Recently, a friend and I met for drinks at Pearl & Ash, the new restaurant on the Bowery known for excellent cuisine and one of the most dynamic wine lists in New York.  We ordered a bottle of Eric Pfifferling’s l’Anglore Tavel rosé.  By the time we’d finished the bottle, neither of us felt the familiar dizzying buzz of too much wine, nor had we consumed even a bite to eat. Later, with dinner, we downed two subsequent bottles of wine, both made in a similar style to Pfifferling’s. The next morning, after comparing notes, both of us woke unscathed. My friend made his early tennis match and played well; I spun strong at my morning spin.

The secret to our hangover free morning? Natural wine.

The initial wine, one of the natural wine movement's most beloved and hard to track-down bottles, is—unlike most wine you drink—made from ripe grapes and not much else. The fruit ferments with native yeasts. Pfifferling, like most natural wine producers, adds no sulfur dioxide aside from minimal amounts when he bottles the wine. Supplementary sugar, nitrogen, tartaric and malic acid, oak essence, mega purple, reverse-osmosis…none of these laboratory-created additions make their way into the vinification process, and the resulting wine tastes clean, pure, and textural.  These are natural wines.
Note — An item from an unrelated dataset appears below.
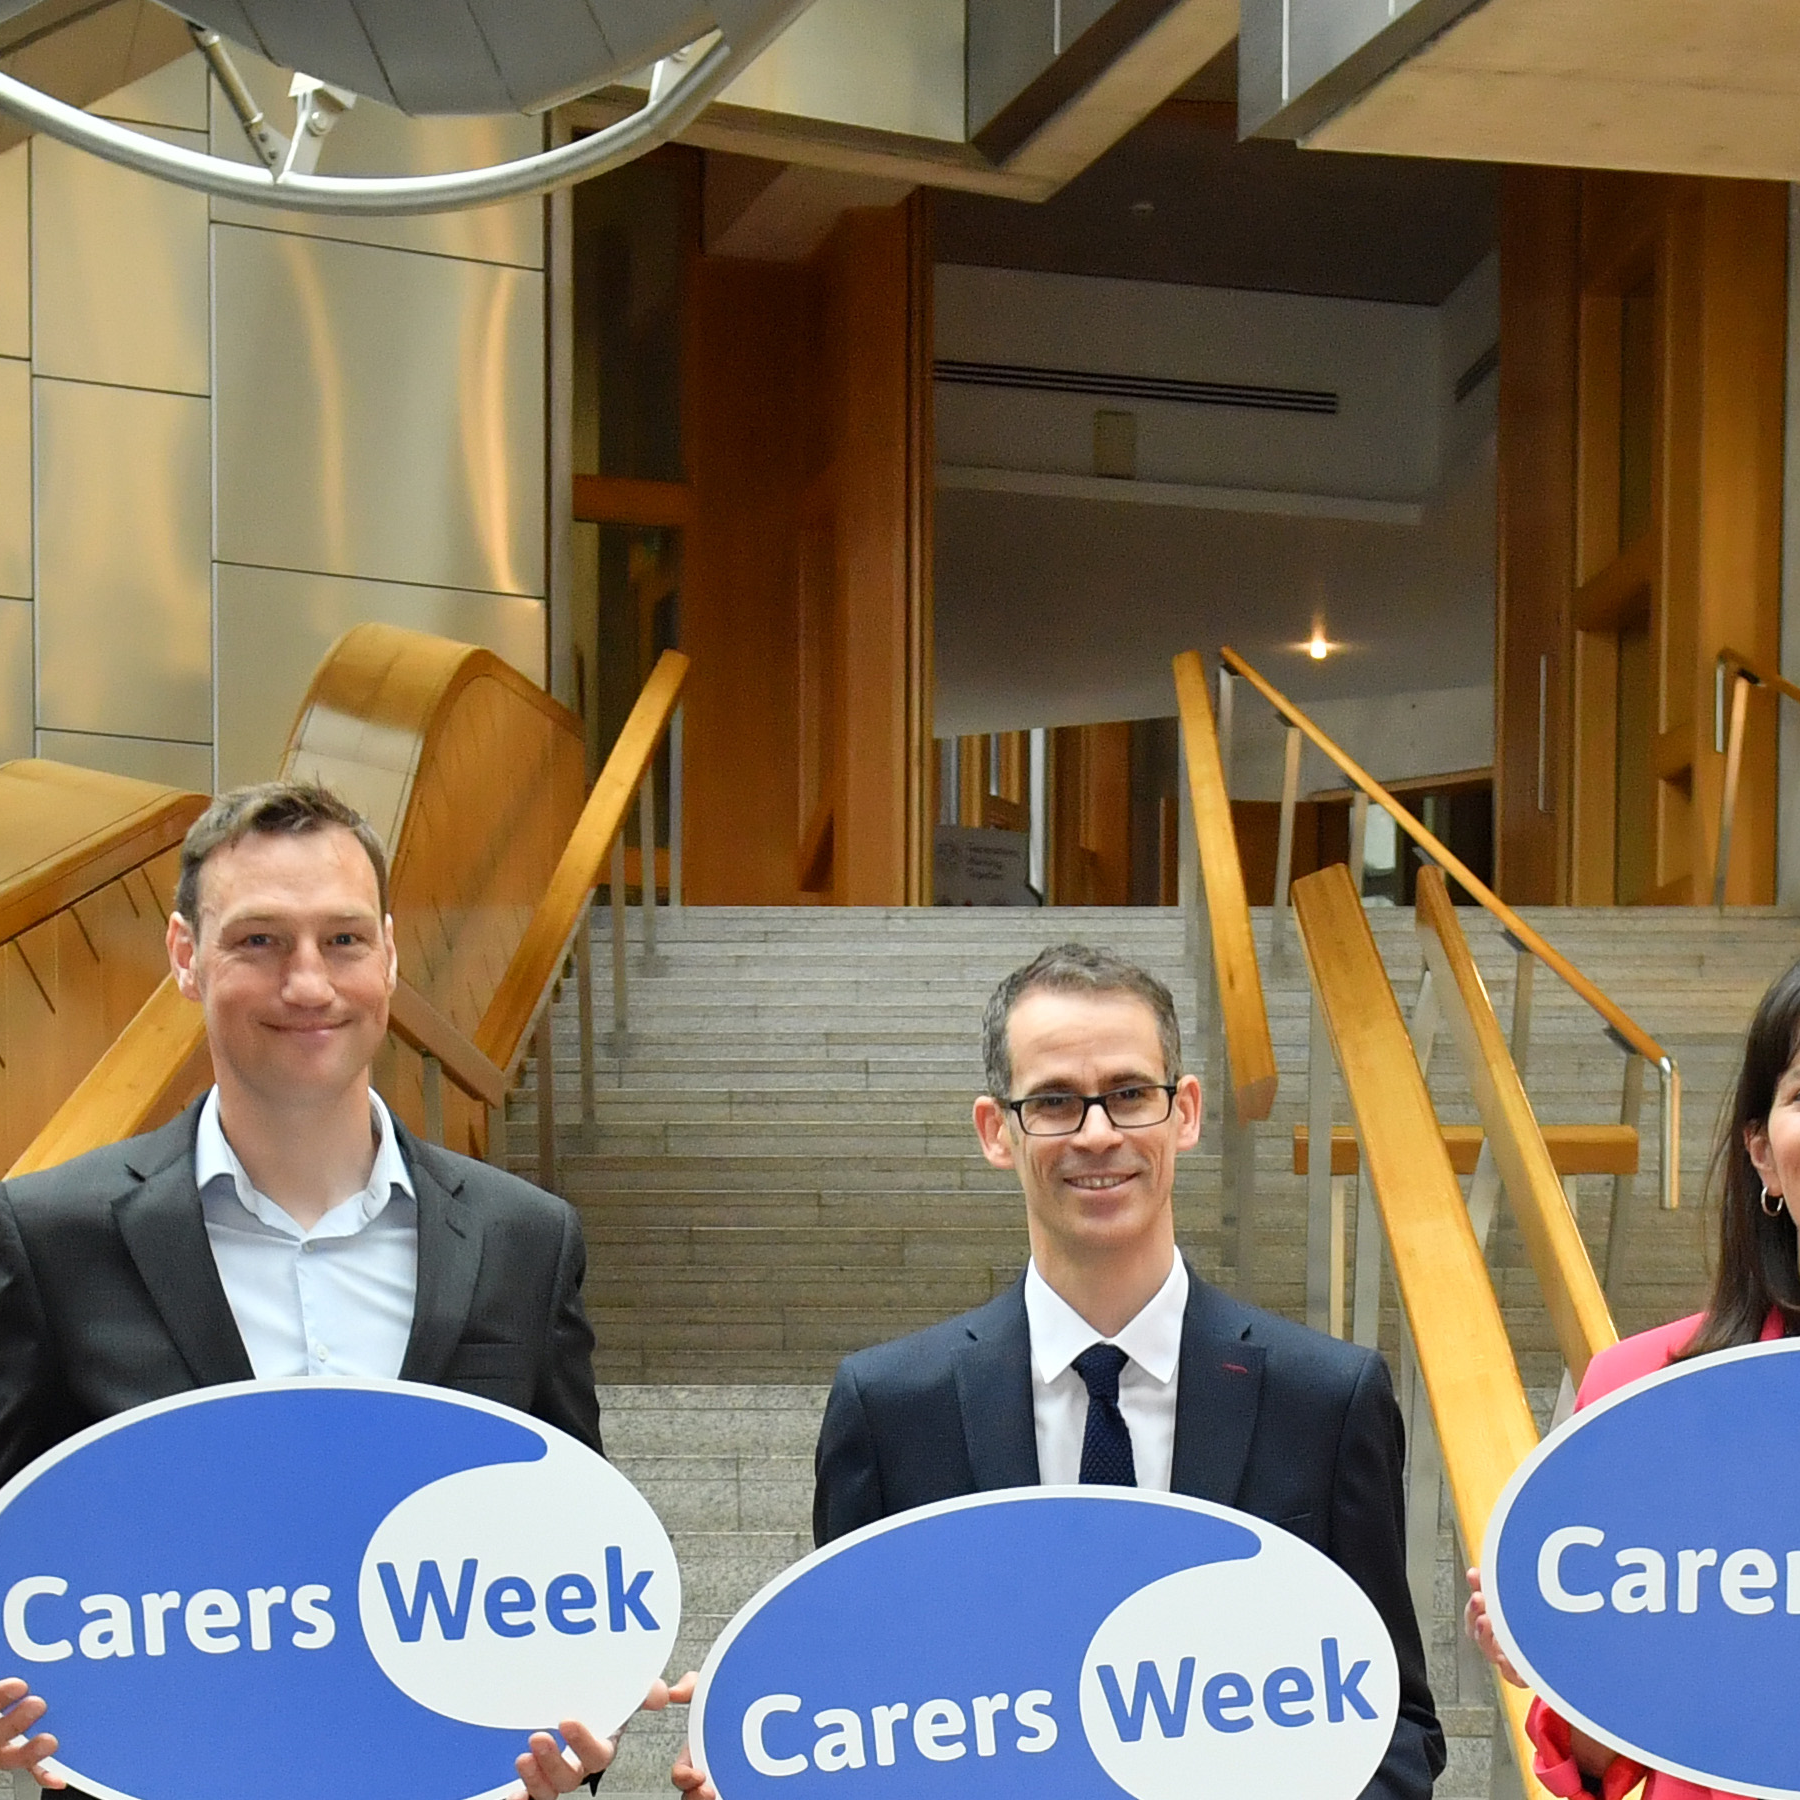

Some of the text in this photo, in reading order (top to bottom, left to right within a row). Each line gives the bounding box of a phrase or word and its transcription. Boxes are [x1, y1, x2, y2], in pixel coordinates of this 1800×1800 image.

[2, 1546, 660, 1663] Carers Week
[741, 1637, 1379, 1777] Carers Week
Wines like your great-great-grandmother might have drunk.

"Natural wine" is a relatively recent addition to the wine world’s lexicon. The movement began gathering momentum in the early 2000s as a reaction to high-production, mass-produced wines that either sought high scores from influential wine critics (see Robert Parker) or that enabled large and uniform production. In truth, the movement began decades before that. Winemaker and chemist Jules Chauvet, an iconoclast best known for transforming Beaujolais’s soiled reputation, is often credited as spear-heading the movement in France. During the 1970s and early 1980s, he worked closely with winemakers Marcel Lapierre, Jean-Foillard, Guy Breton and Jean-Paul Thevent teaching them how to taste meticulously and to make wines with minimal intervention from non-natural additives and chemicals. Chauvet’s theories were revolutionary at the time. His impact still resonates today.